[Start of section]

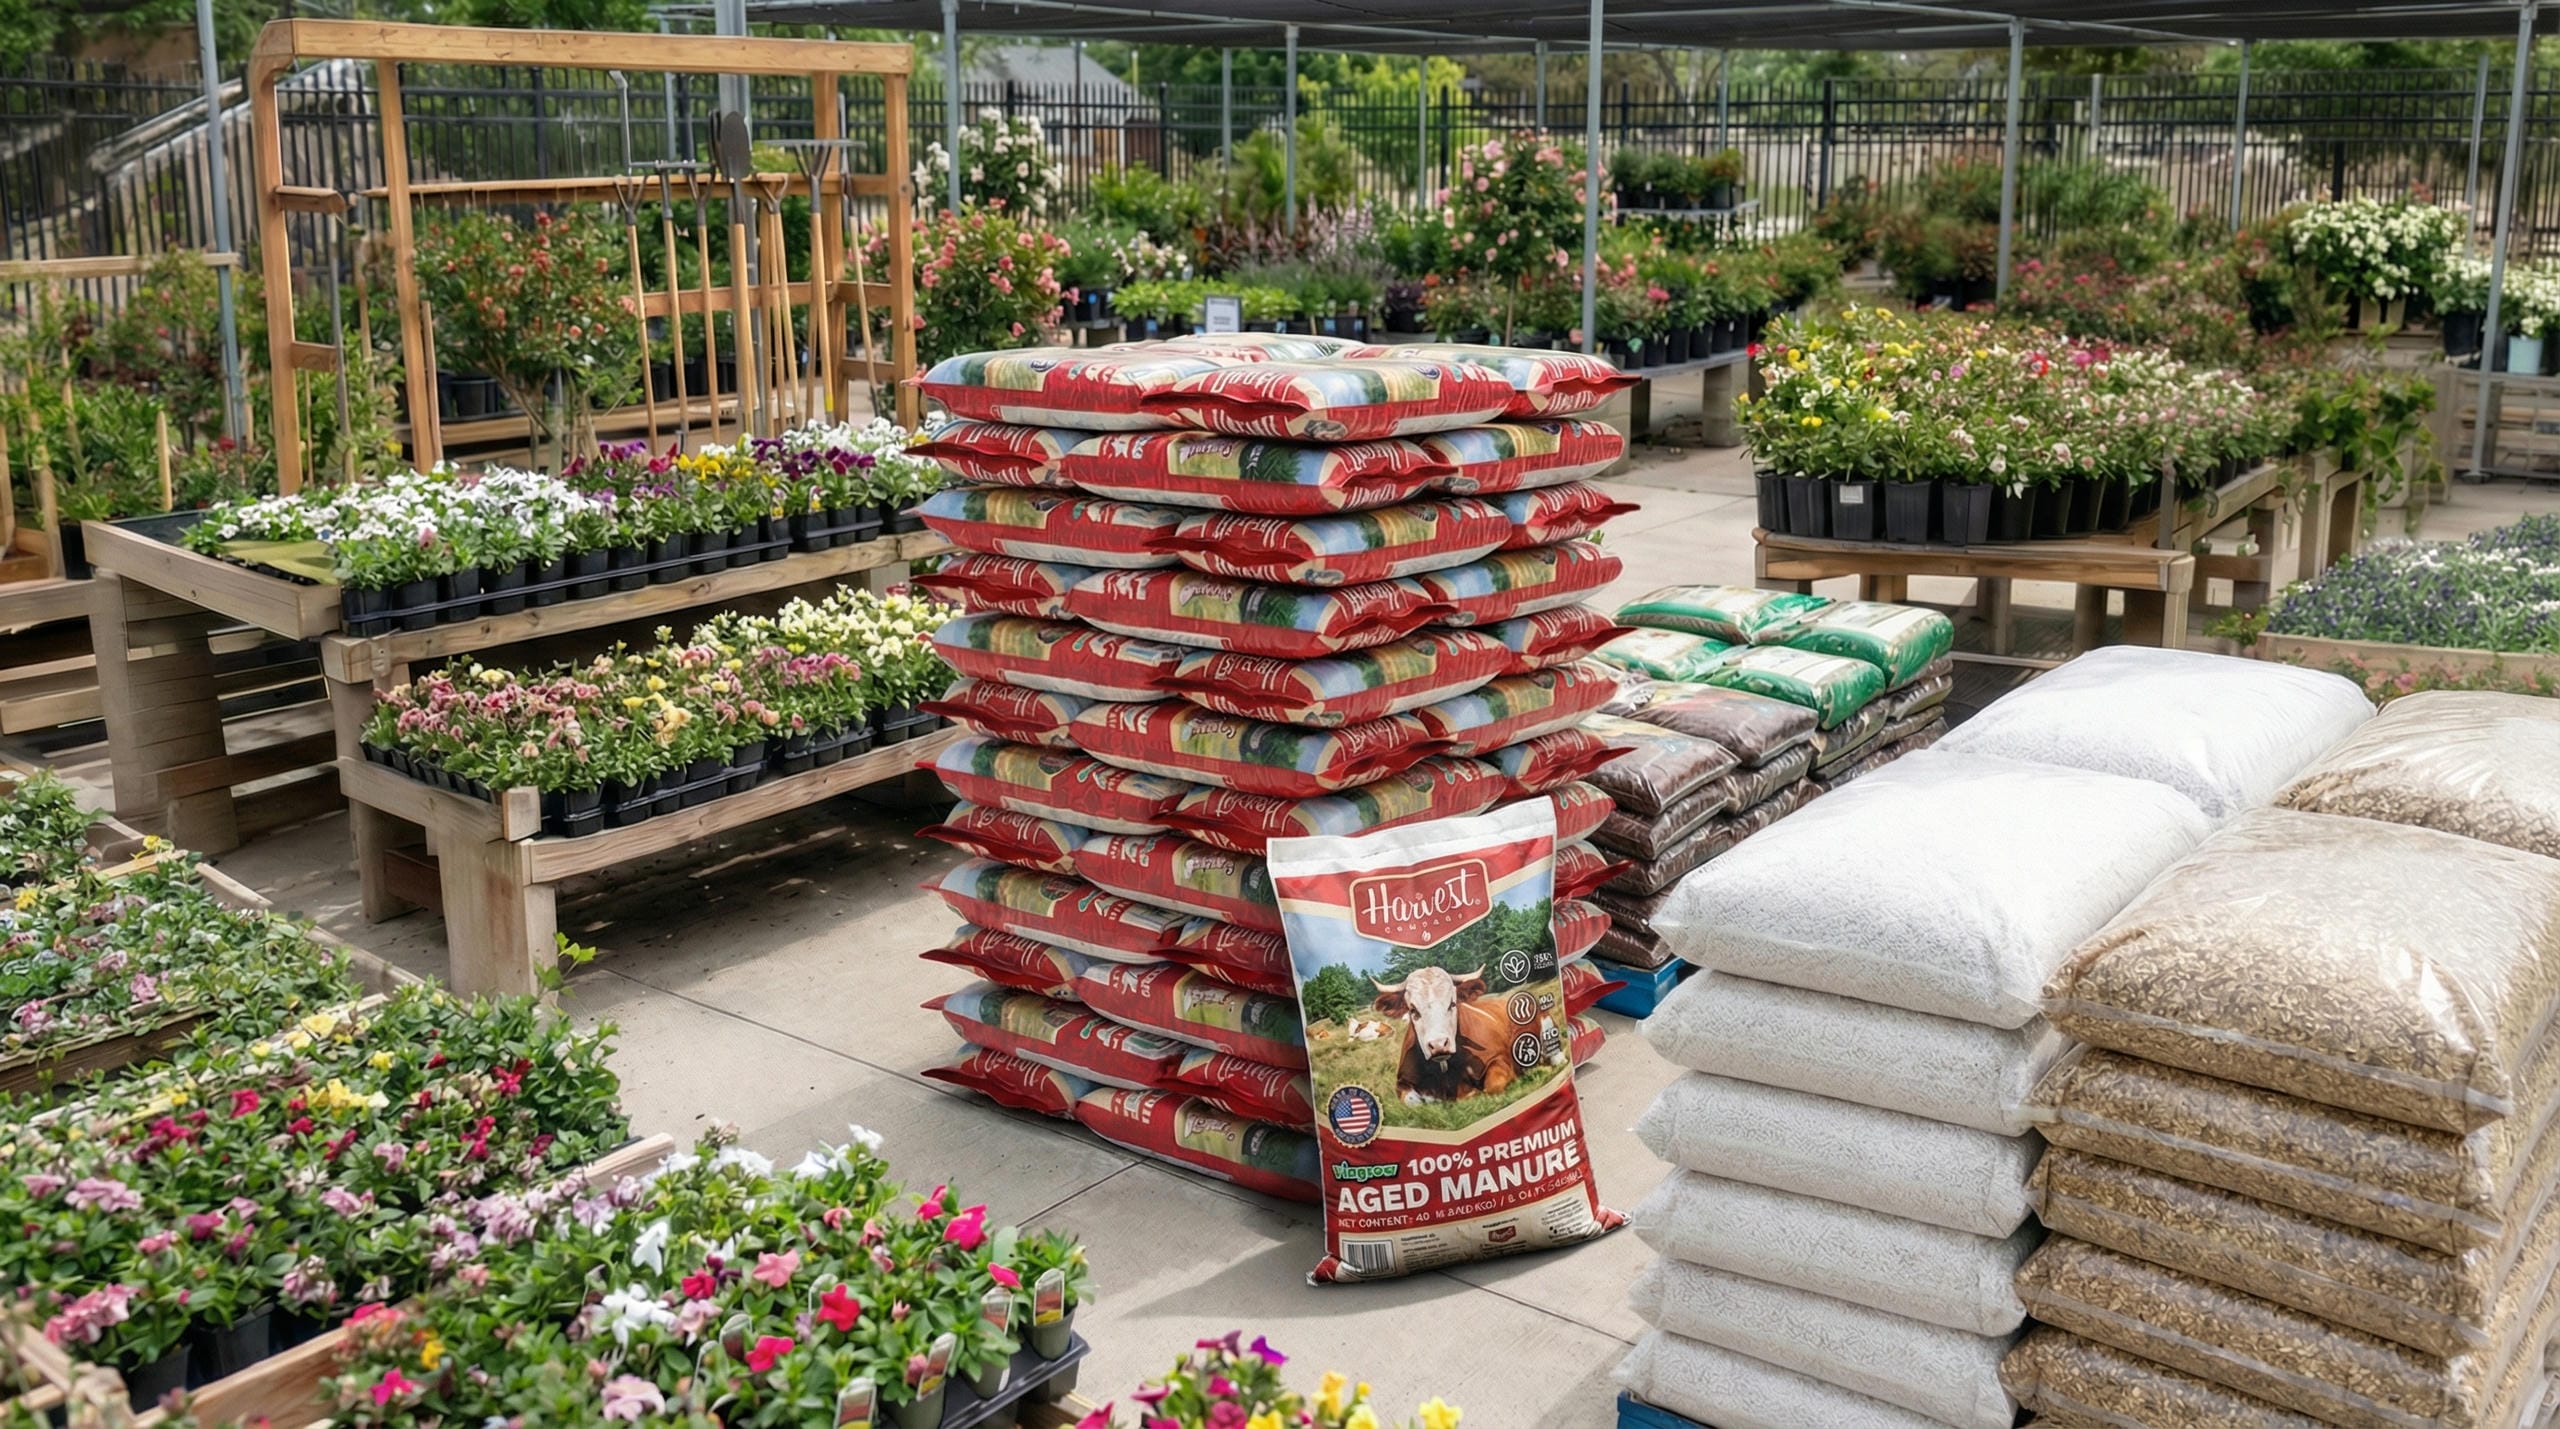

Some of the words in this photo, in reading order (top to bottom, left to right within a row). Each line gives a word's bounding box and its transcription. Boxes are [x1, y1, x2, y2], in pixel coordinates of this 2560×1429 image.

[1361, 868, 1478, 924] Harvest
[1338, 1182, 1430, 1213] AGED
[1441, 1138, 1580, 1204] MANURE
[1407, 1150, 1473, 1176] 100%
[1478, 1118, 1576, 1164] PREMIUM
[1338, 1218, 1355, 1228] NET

[End of section]

• _Problem_
Once the pictures are set aside, repeat the remaining data word for word.

• _Worked solution_
Some of the words in this photo, in reading order (top to bottom, left to right within a row). Each line gives a word's bounding box and its transcription. Boxes are [x1, y1, x2, y2], in pixel coordinates of this 2560×1429 image.

[1361, 868, 1478, 924] Harvest
[1338, 1182, 1430, 1213] AGED
[1441, 1138, 1580, 1204] MANURE
[1407, 1150, 1473, 1176] 100%
[1478, 1118, 1576, 1164] PREMIUM
[1338, 1218, 1355, 1228] NET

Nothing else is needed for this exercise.